Problem to work on: Before returning the data, strip out the pictures and keep everything else exactly the same.
____________
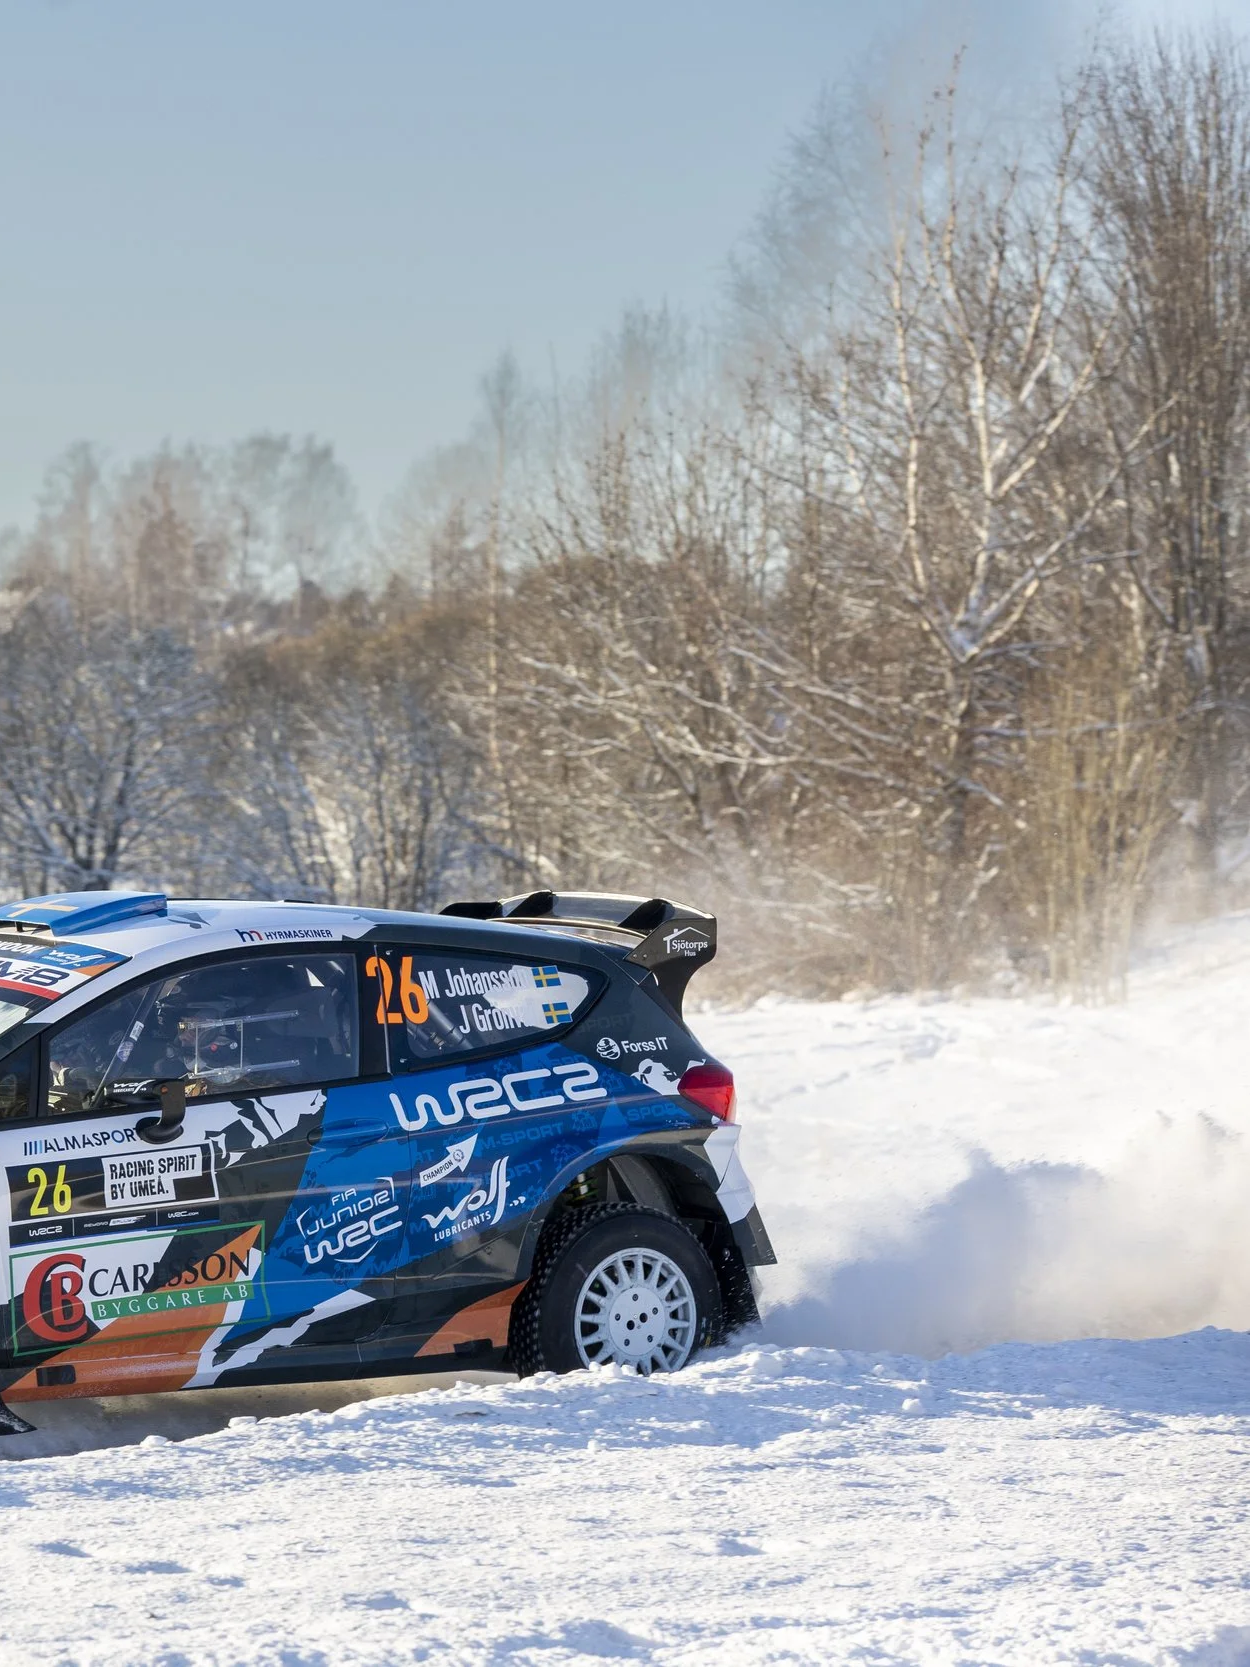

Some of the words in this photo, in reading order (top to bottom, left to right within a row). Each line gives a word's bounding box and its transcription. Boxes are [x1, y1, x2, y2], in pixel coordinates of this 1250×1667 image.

[264, 929, 333, 941] HYRMASKINER
[672, 939, 708, 953] Sjötorps
[684, 949, 696, 957] Hus
[365, 956, 429, 1025] 26
[418, 970, 440, 1000] M
[459, 1004, 471, 1034] J
[621, 1040, 656, 1054] Forss
[656, 1037, 669, 1050] IT
[390, 1062, 608, 1132] WRC2
[44, 1127, 139, 1154] ALMASPOR
[110, 1157, 154, 1180] RACING
[157, 1153, 197, 1174] SPIRIT
[422, 1160, 454, 1182] CHAMPION
[27, 1164, 72, 1217] 26
[111, 1182, 126, 1201] BY
[331, 1187, 357, 1206] FIA
[306, 1190, 391, 1236] JUNIOR
[434, 1210, 492, 1242] LUBRICANTS
[28, 1225, 63, 1237] WRC2
[304, 1205, 403, 1264] WRC
[96, 1289, 206, 1319] BYGGARE
[222, 1283, 249, 1301] AB
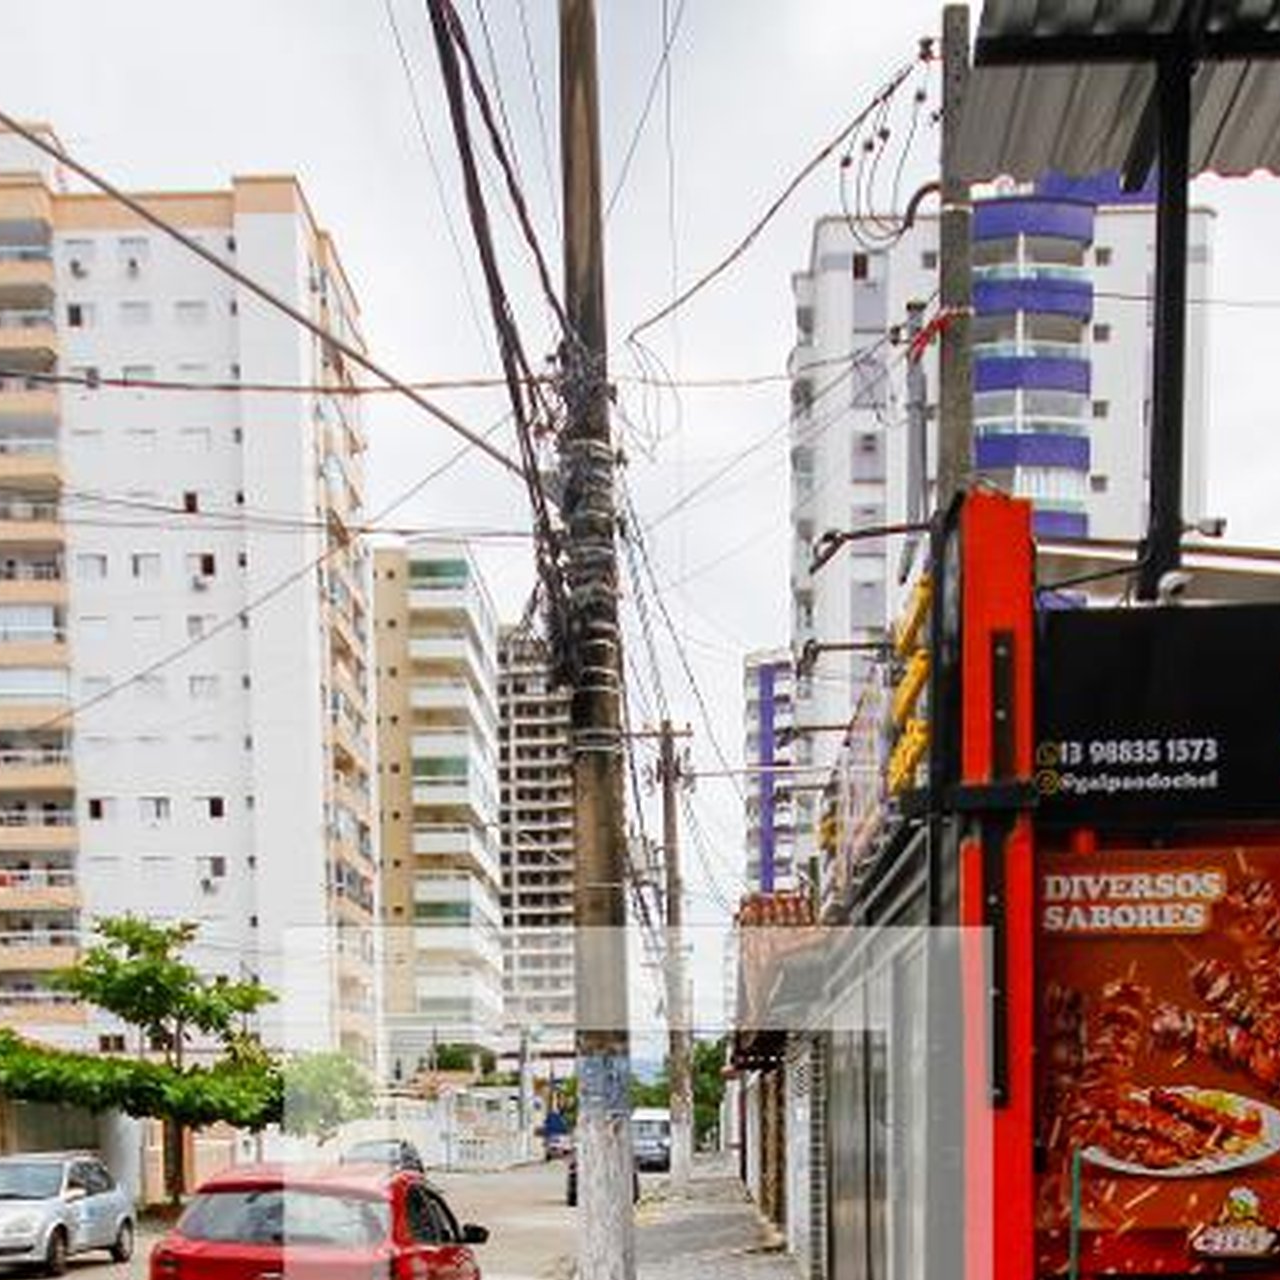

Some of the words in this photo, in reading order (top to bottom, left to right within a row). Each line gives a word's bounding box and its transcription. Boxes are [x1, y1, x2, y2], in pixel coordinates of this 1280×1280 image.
____________
Solution for this problem:
Some of the words in this photo, in reading order (top to bottom, left to right within a row). Each line gives a word's bounding box and its transcription. Boxes are [x1, y1, x2, y2], in pixel coordinates of this 1250×1667 image.

[264, 929, 333, 941] HYRMASKINER
[672, 939, 708, 953] Sjötorps
[684, 949, 696, 957] Hus
[365, 956, 429, 1025] 26
[418, 970, 440, 1000] M
[459, 1004, 471, 1034] J
[621, 1040, 656, 1054] Forss
[656, 1037, 669, 1050] IT
[390, 1062, 608, 1132] WRC2
[44, 1127, 139, 1154] ALMASPOR
[110, 1157, 154, 1180] RACING
[157, 1153, 197, 1174] SPIRIT
[422, 1160, 454, 1182] CHAMPION
[27, 1164, 72, 1217] 26
[111, 1182, 126, 1201] BY
[331, 1187, 357, 1206] FIA
[306, 1190, 391, 1236] JUNIOR
[434, 1210, 492, 1242] LUBRICANTS
[28, 1225, 63, 1237] WRC2
[304, 1205, 403, 1264] WRC
[96, 1289, 206, 1319] BYGGARE
[222, 1283, 249, 1301] AB

Some of the words in this photo, in reading order (top to bottom, left to right within a row). Each line gives a word's bounding box and its transcription. Boxes are [x1, y1, x2, y2], in pixel coordinates of this 1280×1280 image.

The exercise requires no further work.